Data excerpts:

▬▬▬▬▬▬▬▬▬▬

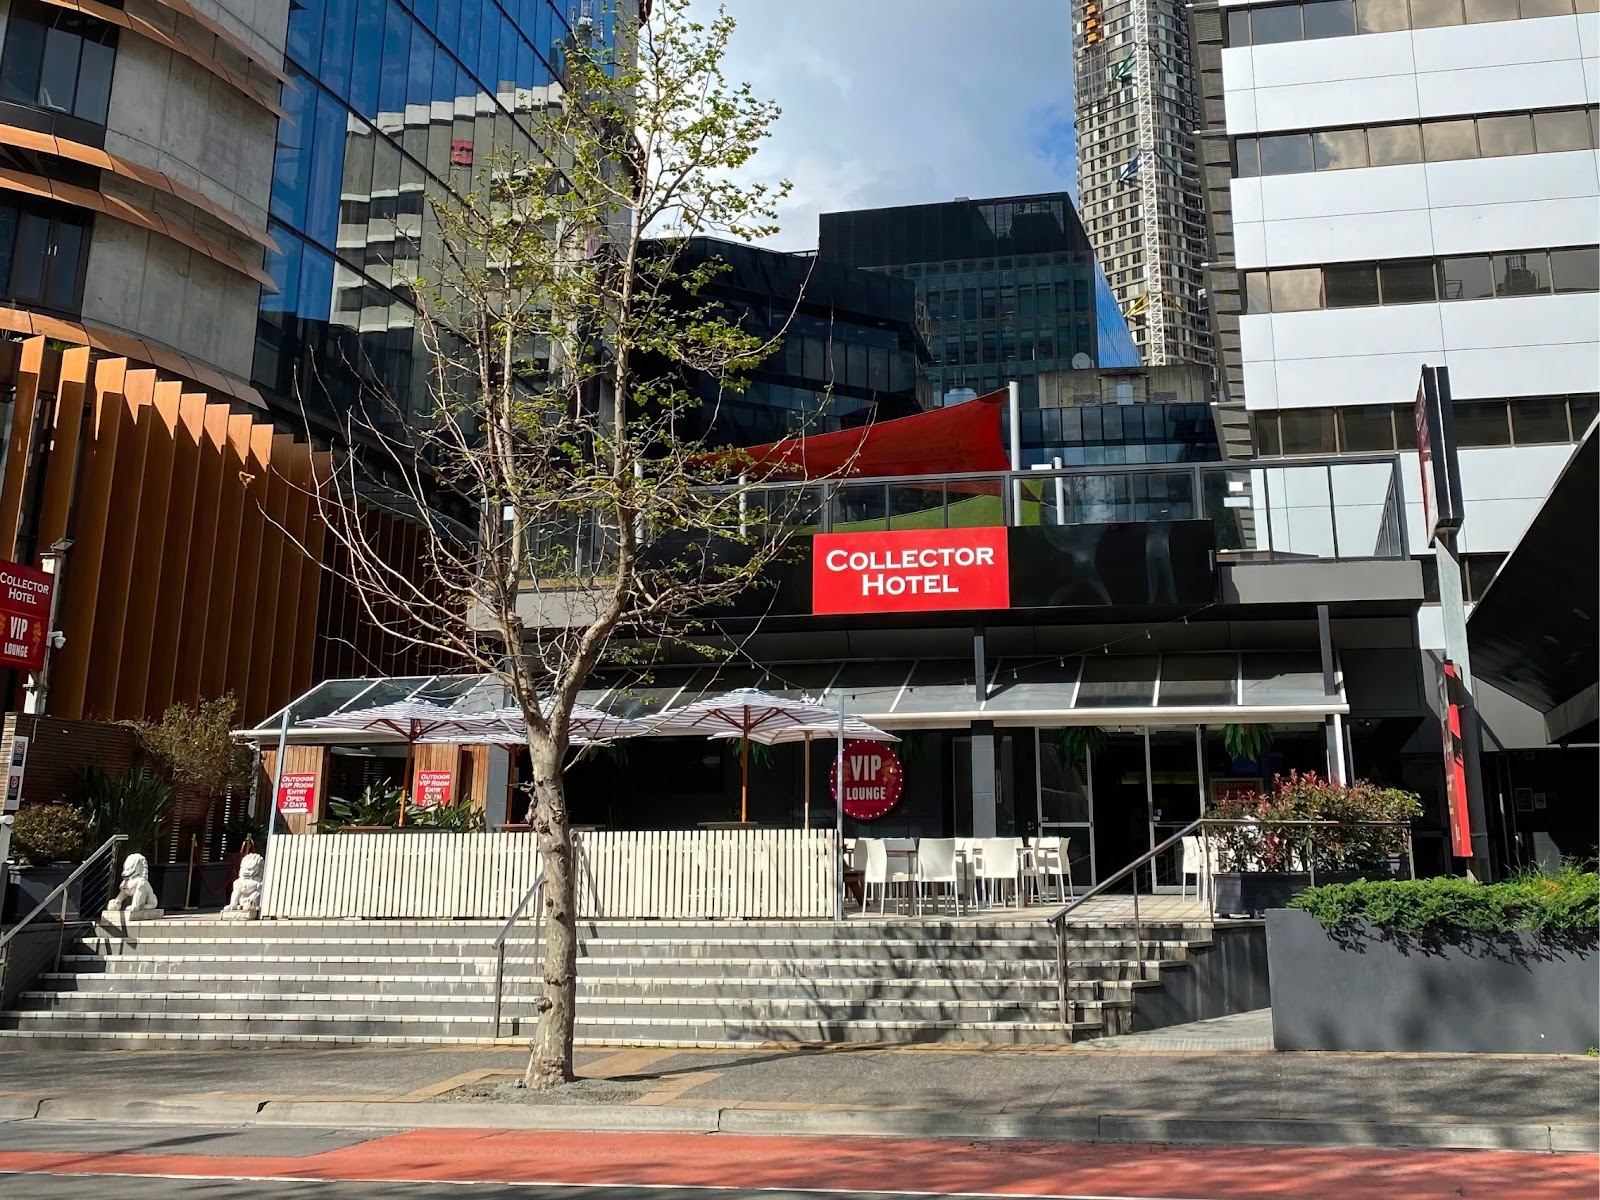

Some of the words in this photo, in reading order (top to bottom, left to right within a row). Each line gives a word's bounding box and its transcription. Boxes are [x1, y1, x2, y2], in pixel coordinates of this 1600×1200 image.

[826, 547, 995, 572] COLLECTOR
[0, 572, 49, 594] COLLECTOR
[862, 574, 959, 596] HOTEL
[8, 587, 37, 605] HOTEL
[10, 616, 28, 641] VIP
[4, 642, 28, 658] LOUNGE
[850, 755, 882, 781] VIP
[846, 787, 886, 801] LOUNGE
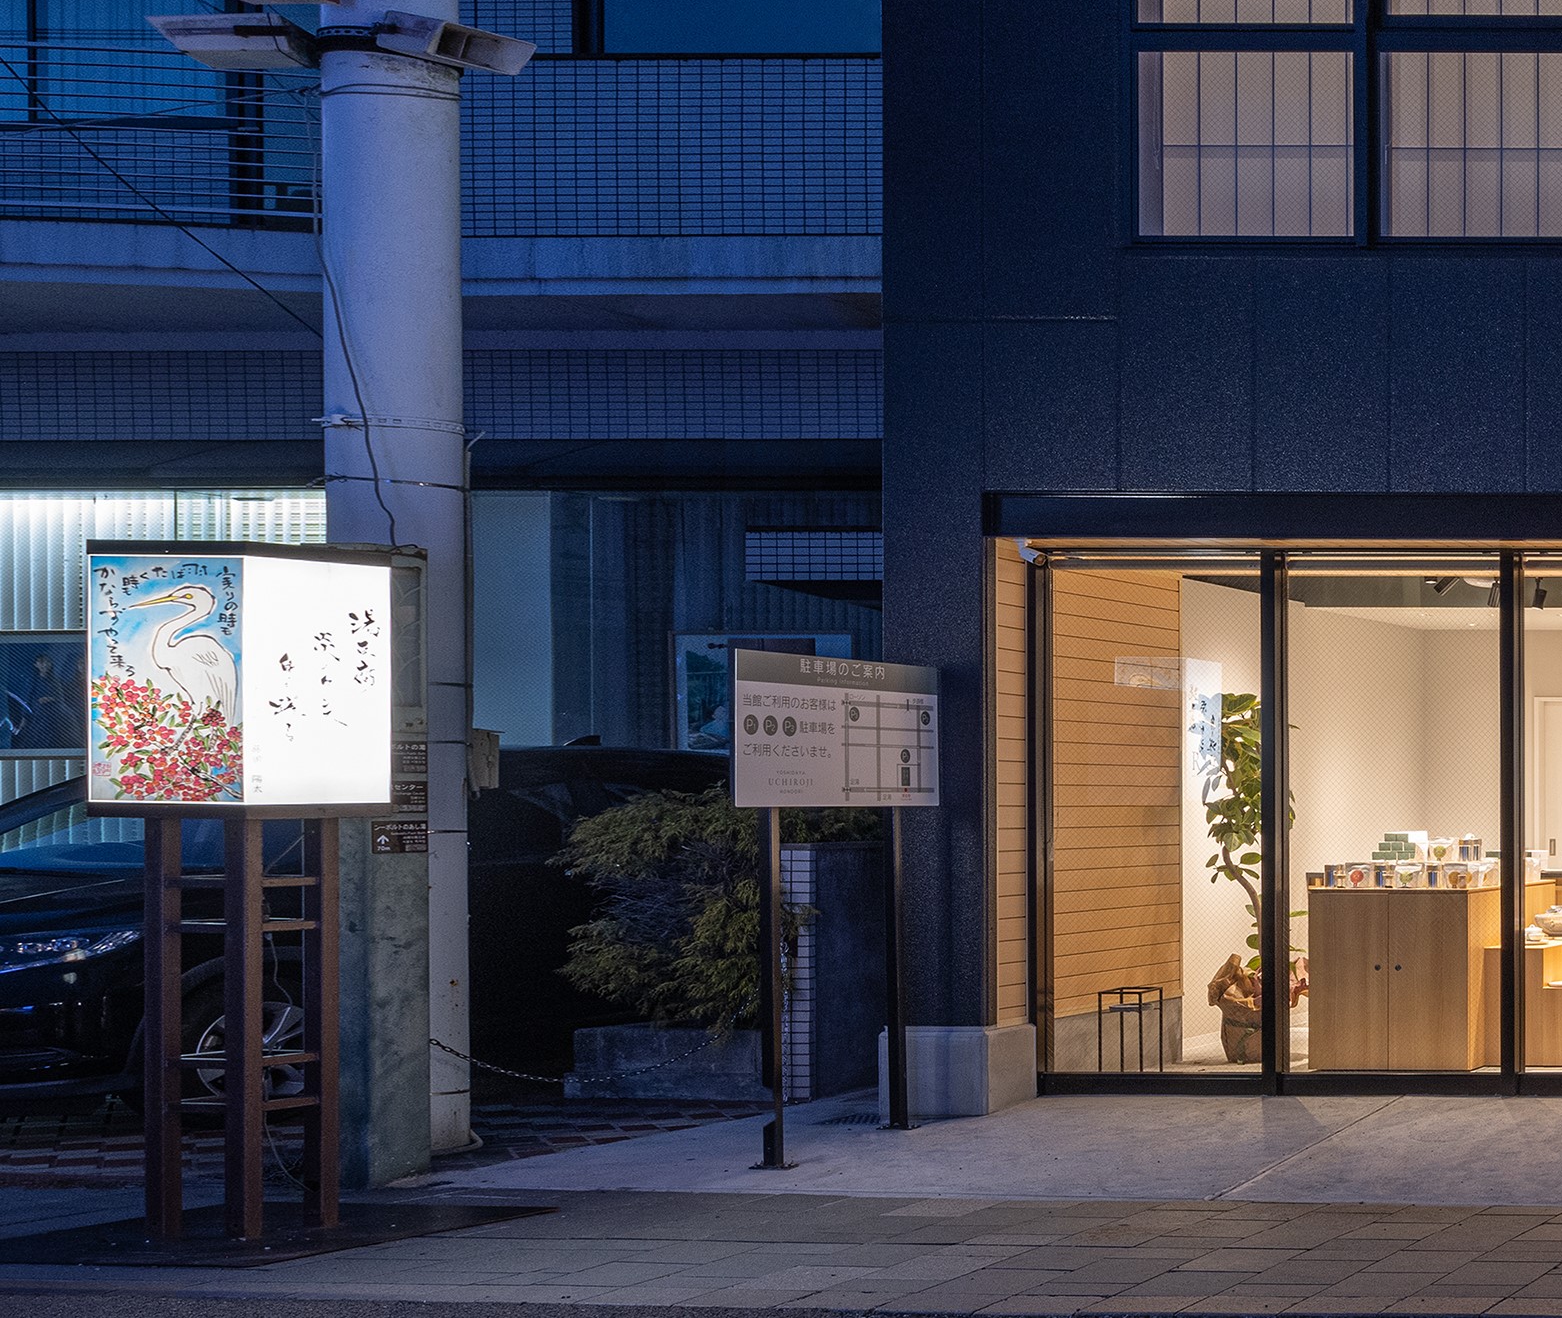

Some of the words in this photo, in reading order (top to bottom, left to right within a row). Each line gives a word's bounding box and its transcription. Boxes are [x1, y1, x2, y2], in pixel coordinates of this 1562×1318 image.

[799, 658, 885, 680] 駐車場のご案内
[742, 693, 837, 711] 当館ご利用のお客様は
[799, 721, 836, 735] 駐車場を
[742, 743, 832, 759] ご利用くださいませ。
[768, 778, 813, 788] UCHIROJI
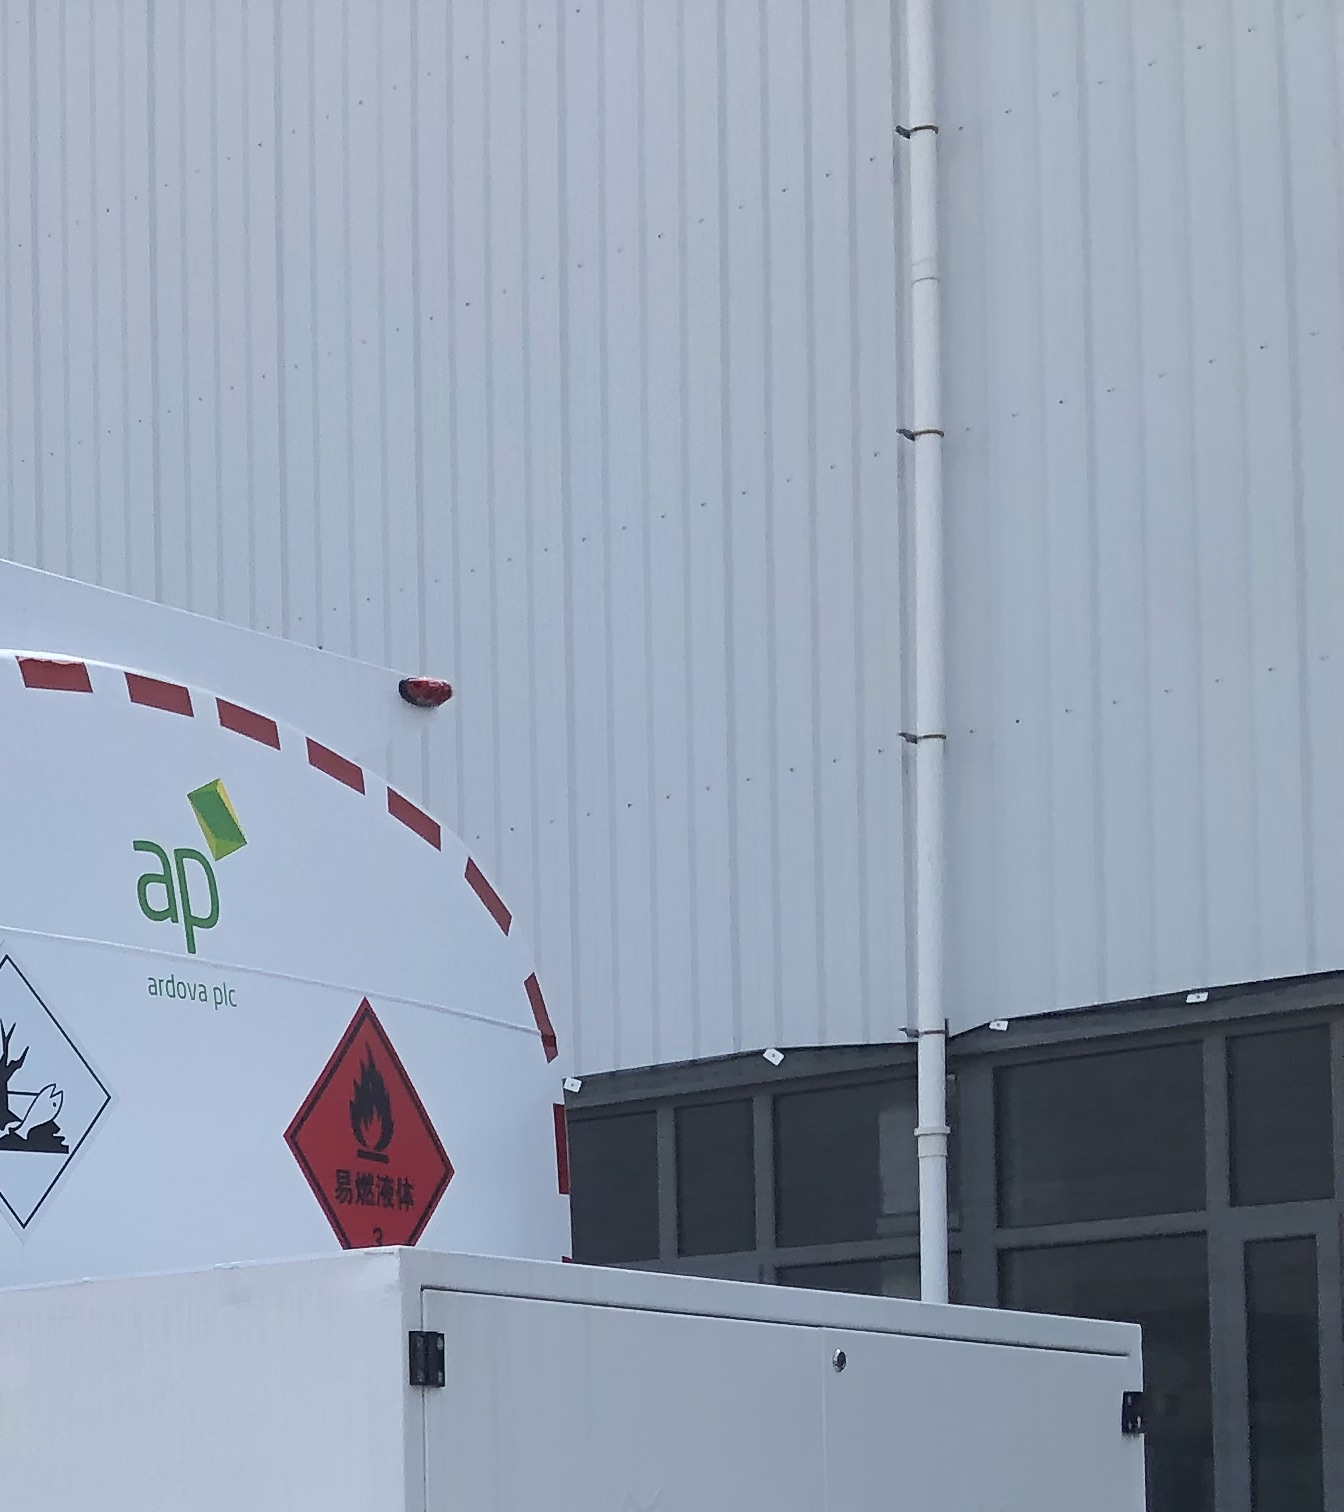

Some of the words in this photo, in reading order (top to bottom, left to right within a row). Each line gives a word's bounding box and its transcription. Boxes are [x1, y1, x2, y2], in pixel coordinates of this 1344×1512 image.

[132, 839, 220, 955] ap
[146, 973, 208, 1003] ardova
[212, 981, 239, 1011] plc
[334, 1169, 415, 1213] 易燃液体

▬▬▬▬▬▬▬▬▬▬

__DESCRIPTION OF THE TASK__:
Copy every record exactly, leaving the pictures out.

__RESPONSE__:
Some of the words in this photo, in reading order (top to bottom, left to right within a row). Each line gives a word's bounding box and its transcription. Boxes are [x1, y1, x2, y2], in pixel coordinates of this 1600×1200 image.

[826, 547, 995, 572] COLLECTOR
[0, 572, 49, 594] COLLECTOR
[862, 574, 959, 596] HOTEL
[8, 587, 37, 605] HOTEL
[10, 616, 28, 641] VIP
[4, 642, 28, 658] LOUNGE
[850, 755, 882, 781] VIP
[846, 787, 886, 801] LOUNGE

Some of the words in this photo, in reading order (top to bottom, left to right within a row). Each line gives a word's bounding box and its transcription. Boxes are [x1, y1, x2, y2], in pixel coordinates of this 1562×1318 image.

[799, 658, 885, 680] 駐車場のご案内
[742, 693, 837, 711] 当館ご利用のお客様は
[799, 721, 836, 735] 駐車場を
[742, 743, 832, 759] ご利用くださいませ。
[768, 778, 813, 788] UCHIROJI

Some of the words in this photo, in reading order (top to bottom, left to right within a row). Each line gives a word's bounding box and its transcription. Boxes are [x1, y1, x2, y2], in pixel coordinates of this 1344×1512 image.

[132, 839, 220, 955] ap
[146, 973, 208, 1003] ardova
[212, 981, 239, 1011] plc
[334, 1169, 415, 1213] 易燃液体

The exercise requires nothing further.